9/11 panel's plan has a big price tag

Beyond spy-agency reshuffle, steps urged by commission would cost billions in ports, at the border, overseas.

New terror alerts are reinforcing the 9/11 commission's "urgent" call to reinforce America's defenses, but they are also a reminder that securing the homeland involves a difficult balancing act of money versus safety and liberty versus lockdown.

The panel itself concedes that the price tag of its plan is uncertain - and large. President Bush Monday embraced some of the recommendations, including the call for a new national intelligence director. Democratic challenger John Kerry, for his part, has embraced the commission's 40-odd recommendations wholesale.

But the panel's overall plan goes far beyond revamping US intelligence agencies, and as congressional panels take up the challenge this week, policymakers are beginning to confront the issue of cost. Securing railroads? Prudent measures could run 44 or more times what's now being spent. Securing US borders? The commission concedes the cost could be huge.

"Look, there's no magic solution here, and every move you make has some advantages and has some disadvantages," commission vice chair Lee Hamilton conceded at the first Senate hearing on the panel's recommendations on Friday.

For all the uncertainty about the best way to spend limited resources, Washington has clearly embraced the notion that action is needed. Heightened security on Wall Street and in other financial centers Monday, based on a specific threat, is amplifying the sense of urgency. But the effort promises to strain already-tight federal budgets, and could challenge Americans to put up with a new level of intrusion in their daily lives. At the Democratic National Convention last week, for example, some locals balked at the notion of bag searches on the Boston subway system.

Earlier this year, President Bush asked lawmakers to increase the Department of Homeland Security budget to $28.3 billion for fiscal year 2005, a 4.6 percent increase from last year. Intelligence-agency budgets are classified, but the total is believed to exceed $40 billion a year.

Planes, trains, and ships

Transportation is one major area where the commission sees difficult trade-offs.

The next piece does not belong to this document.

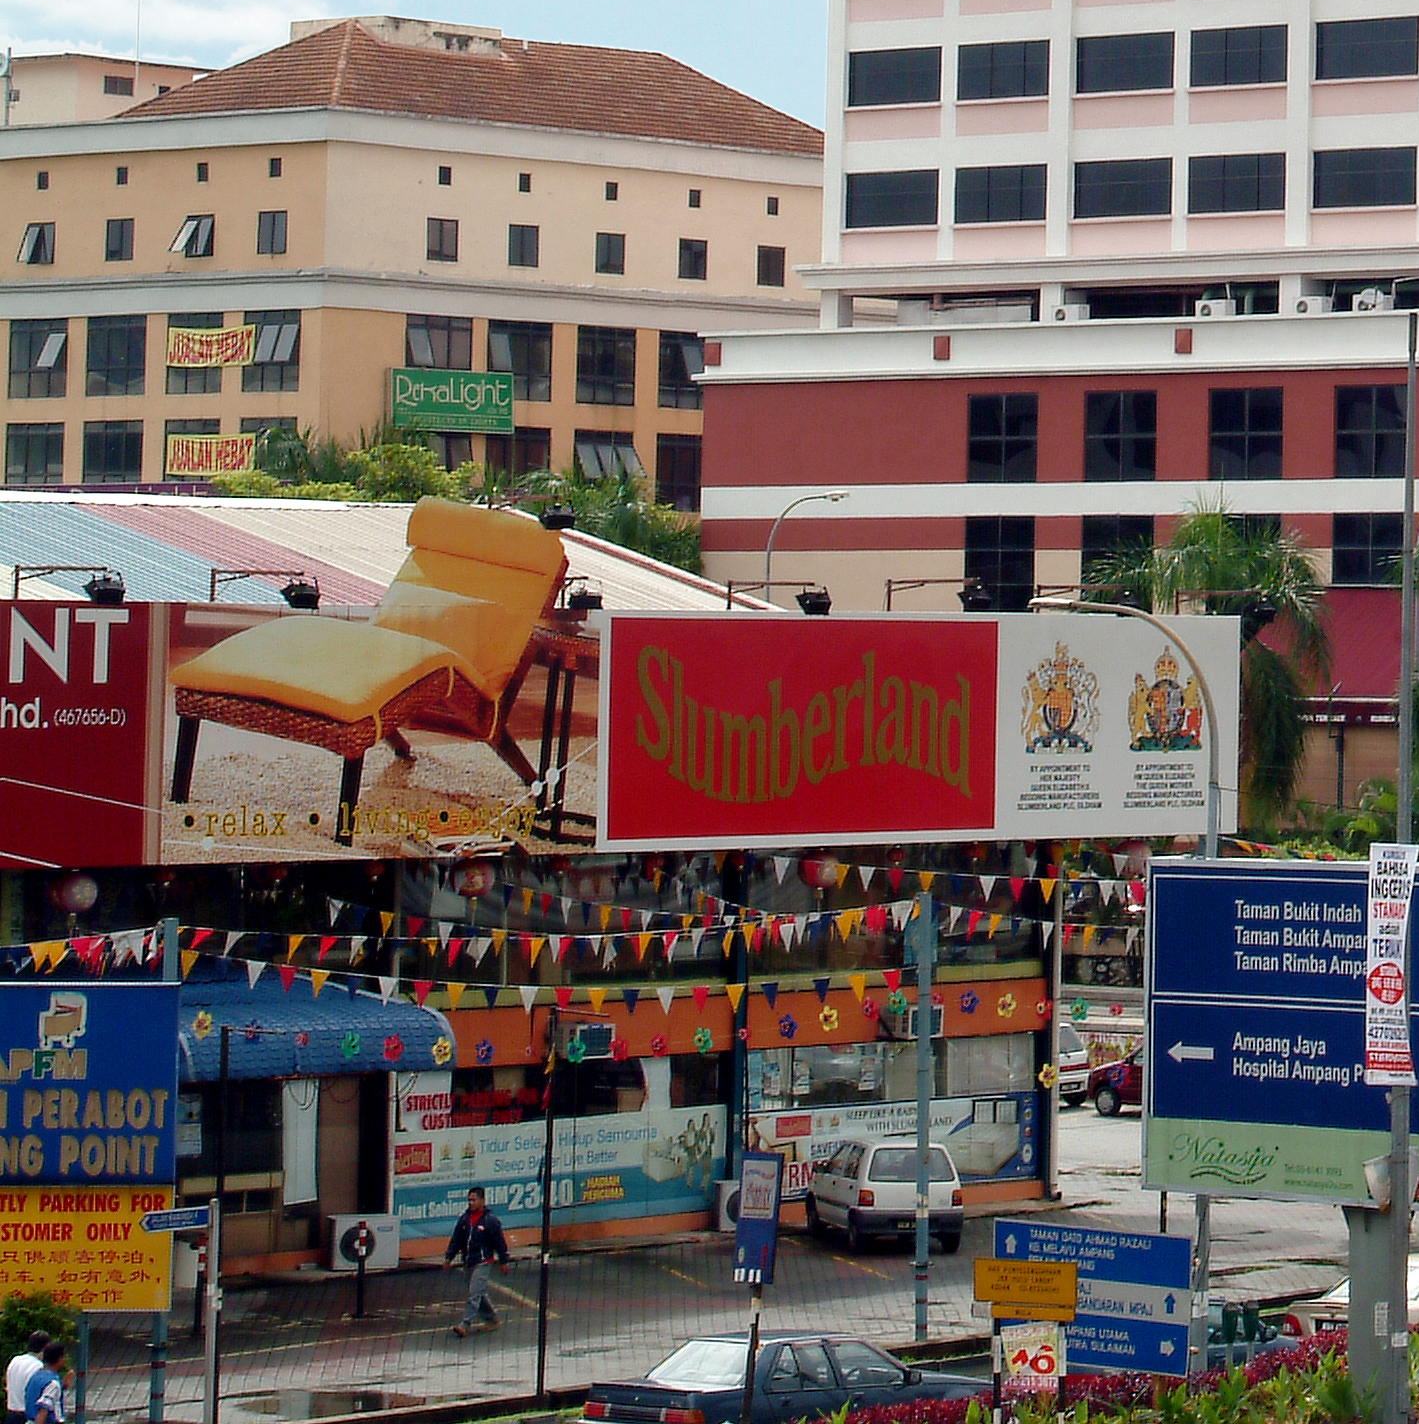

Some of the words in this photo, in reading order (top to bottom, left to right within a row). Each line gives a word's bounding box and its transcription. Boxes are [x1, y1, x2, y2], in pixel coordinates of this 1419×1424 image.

"Hard choices must be made in allocating limited resources," he panel's report said. "The US government should identify and evaluate the transportation assets that need to be protected, set risk-based priorities for defending them, [and] select the most ... cost-effective ways of doing so."

The commission does not include cost estimates for its recommendations, scores of federal reports provide guidance.

Railroads. Since the March bombing of passenger trains in Spain, lawmakers have been pressing for greater attention to rail traffic, whose volume of ridership is over five times that of civil aviation. In response, the passenger rail industry is requesting $5.2 billion to upgrade to meet federal security mandates, and an additional $2.5 billion in additional annual security funding. That's 44 times as much as is currently being spent on transit security, according to a July 21 report by the Congressional Research Service.

Ports. More than 6 million marine containers enter US ports each year, and only a small fraction are physically inspected. In addition, about 13 million containers arrive by truck or rail from Canada or Mexico. The Coast Guard estimates that it will cost at least $7.5 billion to comply with existing upgrades mandated by the 2002 Maritime Transportation Security Act, and "major vulnerabilities" remain, says the General Accounting Office.

Border security. More than 500 million people annually cross US borders legally, 350 million noncitizens. Another 500,000 or more enter illegally. The 9/11 commission calls for a biometric screening system that is integrated into a larger network of screening points that includes the US transportation system and access to facilities such as nuclear reactors. Since 9/11, the US has built the first phase of a biometric screening program, called USVISIT. The system takes digital photographs and prints, but covers only those who need visas to travel to the US.

The commission recommends much broader coverage as an essential priority: "Americans should not be exempt from carrying biometric passports or otherwise enabling their identities to be securely verified when they enter the US, nor should Canadians or Mexicans." The panel also says the US should help other countries adopt a global standard for passports that includes digital fingerprints - "an essential investment in our national security."

Border security will be one of the biggest ticket items in the report, commission chairman Tom Kean told senators on Friday, without estimating a cost.

Schools in Pakistan?

Another tradeoff will be spending at home vs. spending abroad.

In his acceptance speech last week, Senator Kerry said: "We shouldn't be letting 95 percent of our container ships come into our ports without ever being physically inspected. We shouldn't be leaving nuclear and chemical plants without enough protection. And we shouldn't be opening firehouses in Baghdad and shutting them in the United States of America."

Yet his blanket endorsement of the commission recommendations also includes calls to build schools and improve economic opportunities in Muslim states - among other possibly costly efforts to promote an America-friendly climate abroad.

The new border regime also raises concerns of erosion of privacy and freedom, frankly discussed in the report. While the notion of a national identity card sparked furious debate before 9/11, the panel's recommendation of biometric identifiers on US borders and a national standard for drivers licenses is, so far, arousing little resistance on Capitol Hill. "Unless we intend to turn this country into a North American version of North Korea, we're going to be vulnerable at multiple points of attack," says Ted Carpenter of the CATO institute. "That's the tradeoff."